BRIEF
All of the records below are to be printed exactly; the pictures are to be left out.

RECORD EXCERPTS
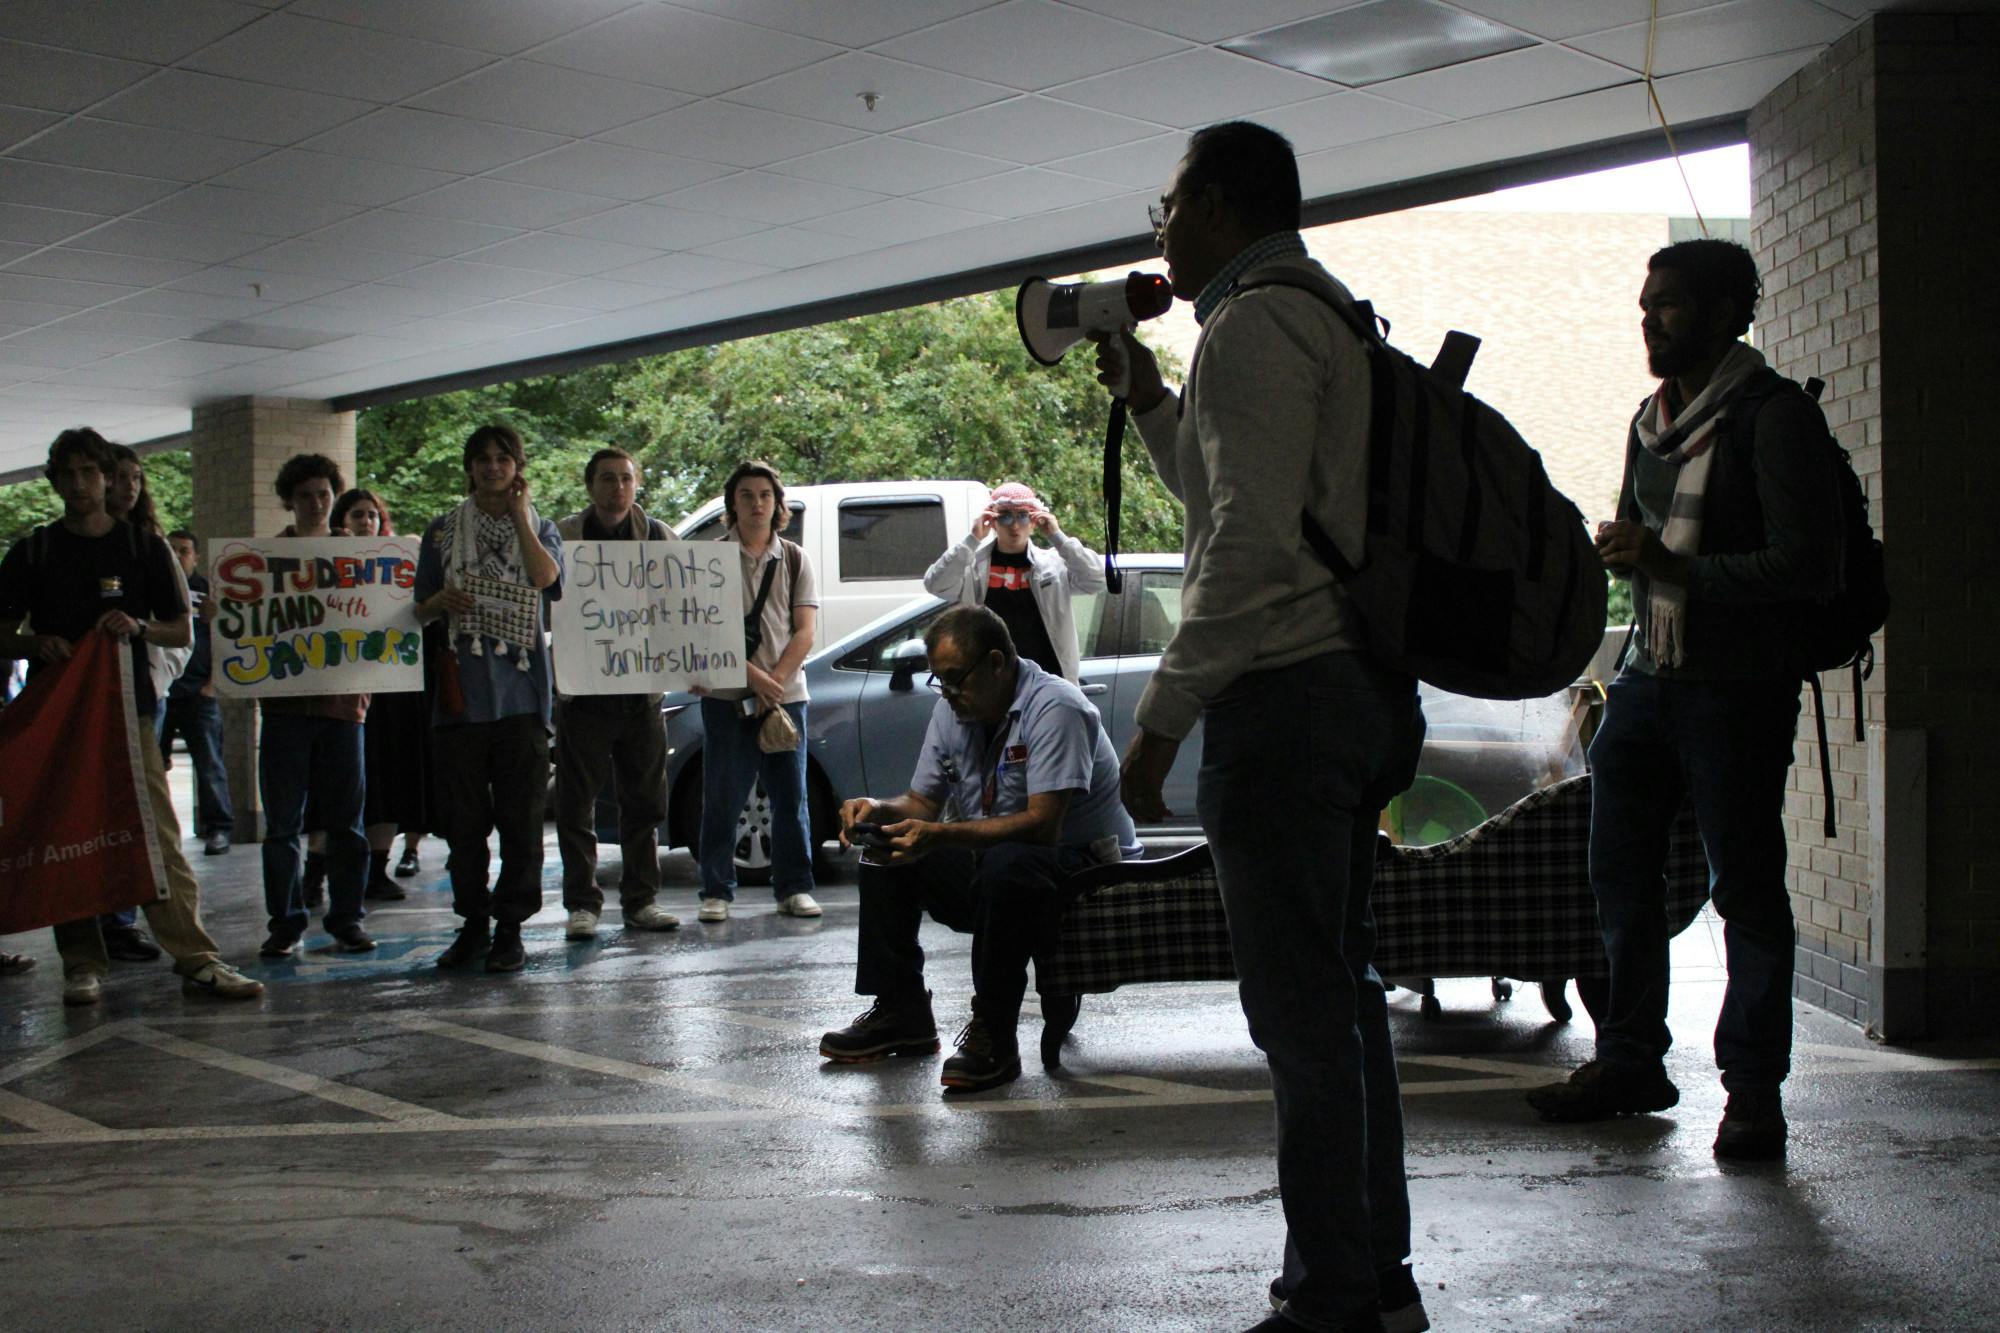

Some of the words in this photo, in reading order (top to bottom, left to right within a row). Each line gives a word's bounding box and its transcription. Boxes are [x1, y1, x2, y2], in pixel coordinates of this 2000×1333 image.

[218, 552, 416, 602] STUDENTS
[573, 542, 726, 590] Students
[218, 594, 326, 640] STAND
[326, 594, 369, 618] with
[581, 597, 671, 636] Support
[678, 596, 724, 625] the
[223, 627, 421, 685] JANITORS
[16, 846, 35, 870] of
[43, 829, 133, 864] America

ANSWER
Some of the words in this photo, in reading order (top to bottom, left to right within a row). Each line gives a word's bounding box and its transcription. Boxes are [x1, y1, x2, y2], in pixel coordinates of this 2000×1333 image.

[218, 552, 416, 602] STUDENTS
[573, 542, 726, 590] Students
[218, 594, 326, 640] STAND
[326, 594, 369, 618] with
[581, 597, 671, 636] Support
[678, 596, 724, 625] the
[223, 627, 421, 685] JANITORS
[16, 846, 35, 870] of
[43, 829, 133, 864] America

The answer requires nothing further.